Öfff, ne konuştuk; şimdi ne olacak?
Ali Rıza Değer yönetim danışmanı. İçerik Fabrikası’nda birbirinden enteresan ve içerikleri yoğun konuları ele alan yazılarıyla yönetim, insan kaynakları, kurumsal değişim-dönüşüm başlıklarında farkındalık yaratmama neden oluyor. Çalışma alanlarına geniş anlamda iletişim şemsiyesinin de dahil olması ele aldığı konulara bakışı bana göre çok daha ilginç kılıyor.

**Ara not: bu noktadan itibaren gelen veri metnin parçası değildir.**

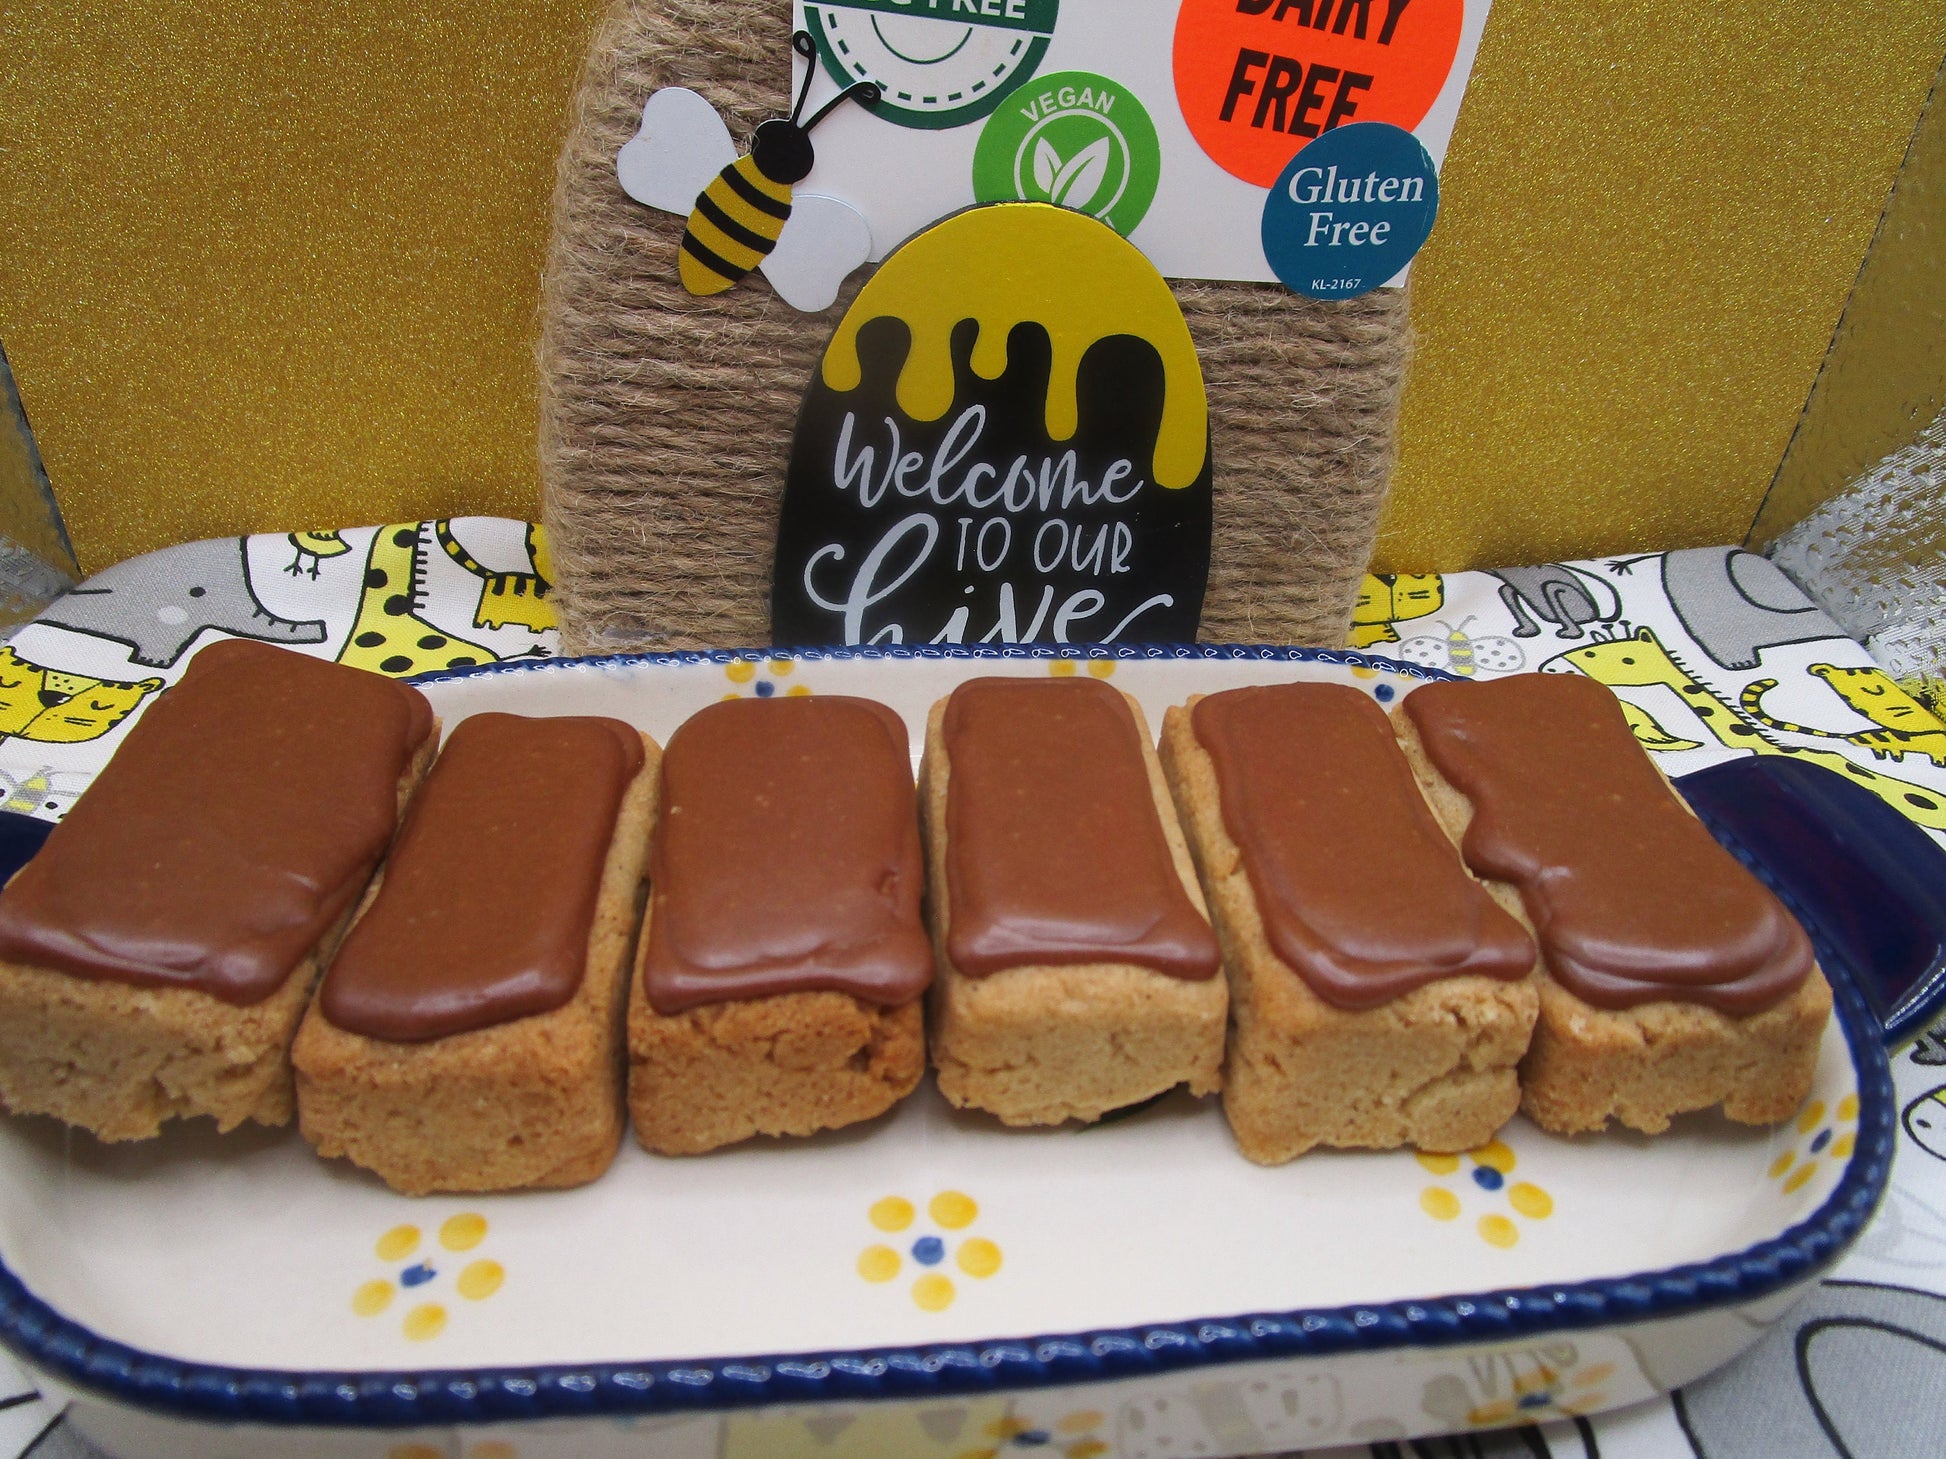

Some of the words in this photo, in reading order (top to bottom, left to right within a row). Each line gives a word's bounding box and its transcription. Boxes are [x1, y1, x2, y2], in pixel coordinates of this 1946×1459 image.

[929, 0, 1026, 20] EE
[1019, 86, 1116, 122] VEGAN
[1218, 47, 1375, 139] FREE
[1288, 165, 1424, 204] Gluten
[1303, 212, 1391, 247] Free
[1311, 278, 1362, 290] KL-2167
[834, 404, 1144, 514] Welcome
[956, 516, 1012, 573] TO
[1033, 518, 1134, 576] OUR
[803, 512, 1174, 645] hive

Bununla birlikte itiraf etmeliyim ki, “yönetim danışmanı” da kendi içinde çok geniş bir şemsiye, tam da bu nedenle genellemeleri seven, kapsamlı isimlere tutkun, ağza dolu dolu gelen kavramları tüketmeyi seven Türkiye açısından talihsiz bir durum. Neden diyecek olursanız, iyiler ile kötüleri, kuruyla yaşı birbirinden ayırmanın zor olduğu bir havuz. Somutluğa, netliğe şiddetle ihtiyaç duyuyor.

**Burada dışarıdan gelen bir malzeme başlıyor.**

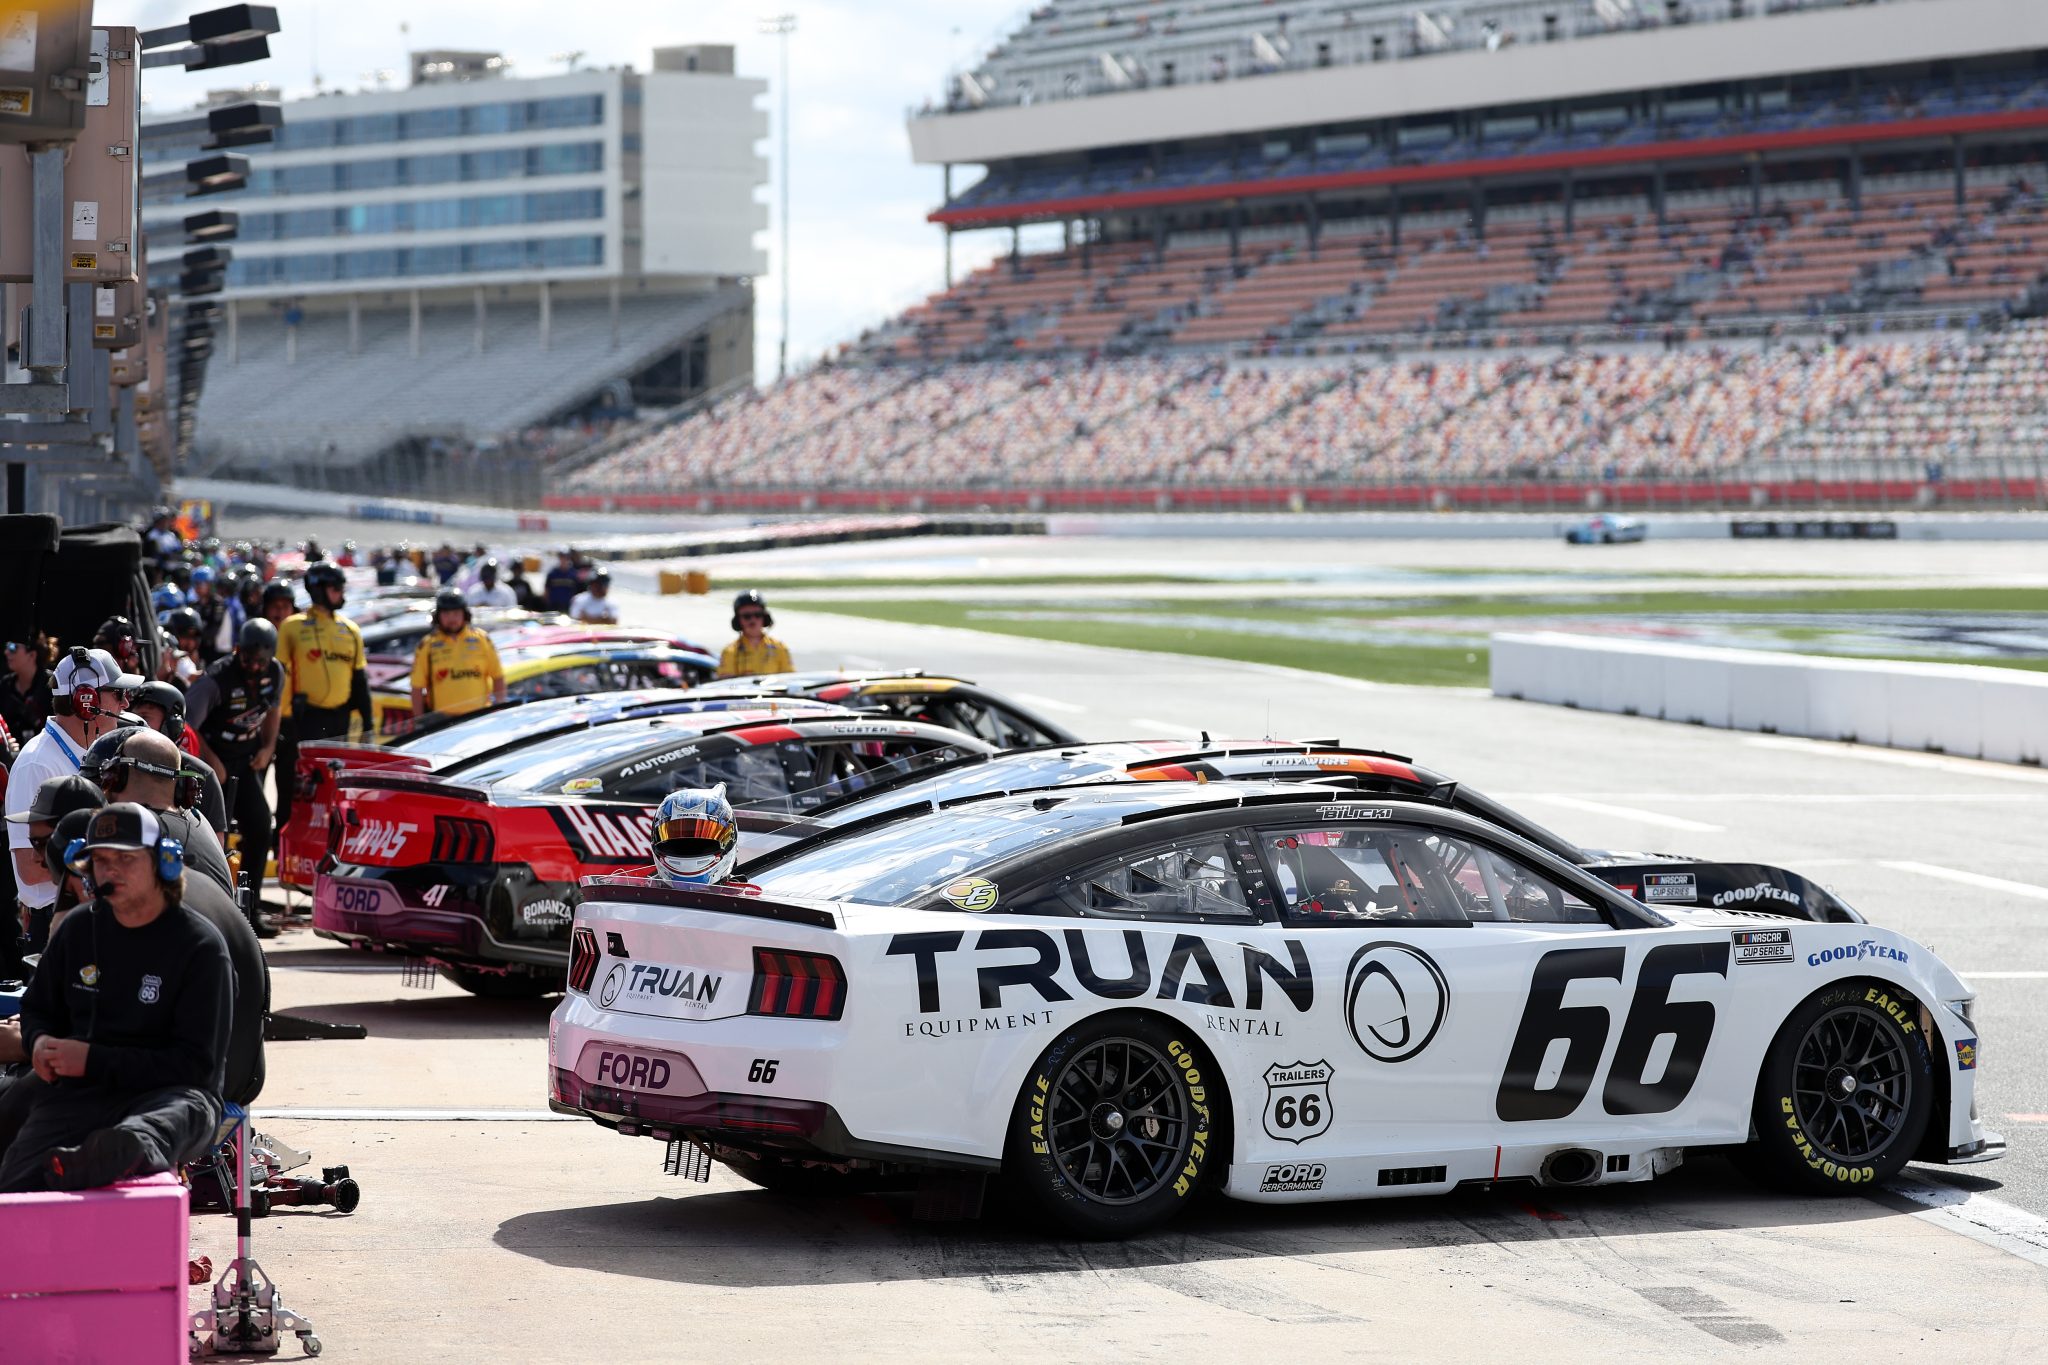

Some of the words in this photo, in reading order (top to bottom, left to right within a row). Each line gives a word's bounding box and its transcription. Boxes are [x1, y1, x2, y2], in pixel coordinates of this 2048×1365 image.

[633, 745, 699, 773] AUTODESK
[1303, 756, 1350, 767] WARE
[1322, 808, 1393, 820] BILICKI
[345, 818, 418, 859] HAAS
[1652, 887, 1666, 896] CUP
[1666, 887, 1690, 896] SERIES
[1661, 876, 1688, 884] NASCAR
[336, 887, 381, 912] FORD
[422, 884, 448, 907] 41
[523, 899, 573, 921] BONANZA
[1751, 932, 1782, 943] NASCAR
[1743, 947, 1758, 957] CUP
[1759, 946, 1785, 956] SERIES
[886, 929, 1315, 1014] TRUAN
[141, 986, 156, 1000] 66
[628, 964, 723, 1004] TRUAN
[626, 992, 653, 1001] EQUIPMENT
[685, 1001, 708, 1010] RENTAL
[1864, 987, 1917, 1034] EAGLE
[906, 1010, 1054, 1038] EQUIPMENT
[1206, 1014, 1284, 1037] RENTAL
[1496, 942, 1729, 1122] 66
[598, 1051, 671, 1090] FORD
[747, 1058, 780, 1084] 66
[1272, 1069, 1326, 1082] TRAILERS
[1031, 1074, 1050, 1155] EAGLE
[1275, 1093, 1321, 1129] 66
[1781, 1096, 1875, 1184] GOODYEAR
[1262, 1164, 1327, 1183] FORD
[1260, 1181, 1323, 1192] PERFORMANCE

Bu söyleşinin küçük bir özetini vermek isterim. Her şeyi sorma iştahım yüzünden konudan konuya atladık. İçinde bulunduğumuz günlerde tecrübeyle tecrübesizlik kavgaya tutuşmuş. İnsan envanterimizi bugüne kadar tanımlayamadık, tanımlayamıyoruz, yeni nesli hiç tanımıyoruz. Bugün geldiğimiz nokta “çevir kazı yanmasın ve U dönüşü” yapmaya bayılan 1950-60 doğumlu neslin eseri… Gençleri kuru kuruya seviyoruz. Nepotizmden vazgeçemiyoruz. İşleri ben siz onlar, biz bizim çocuklar arasında paylaştırıyoruz. “Dostlar alışverişte görsün görsün”ü mecazi anlamından çıkarıp gerçeğe dönüştürdük, fırsatları heba ettik… Yetmezmiş gibi her yerde sıkılmadan “…işler hiç bu kadar kötü olmamıştı…” diyerek ağlıyoruz. “Ben yaptım oldu”culuğun zirvesindeyiz, aşağı inersek düşeceğimizi sanıyoruz da zaten dipteyiz ayılamıyoruz.
Uzun bir röportaj oldu, sabrınızı sınıyor olacağım. Bazı satırlarda kendinizi bulacak, bazılarında az bile söylemiş diyeceksiniz. Az olanlara siz kendi yorumlarınızı mutlaka ekleyeceksiniz.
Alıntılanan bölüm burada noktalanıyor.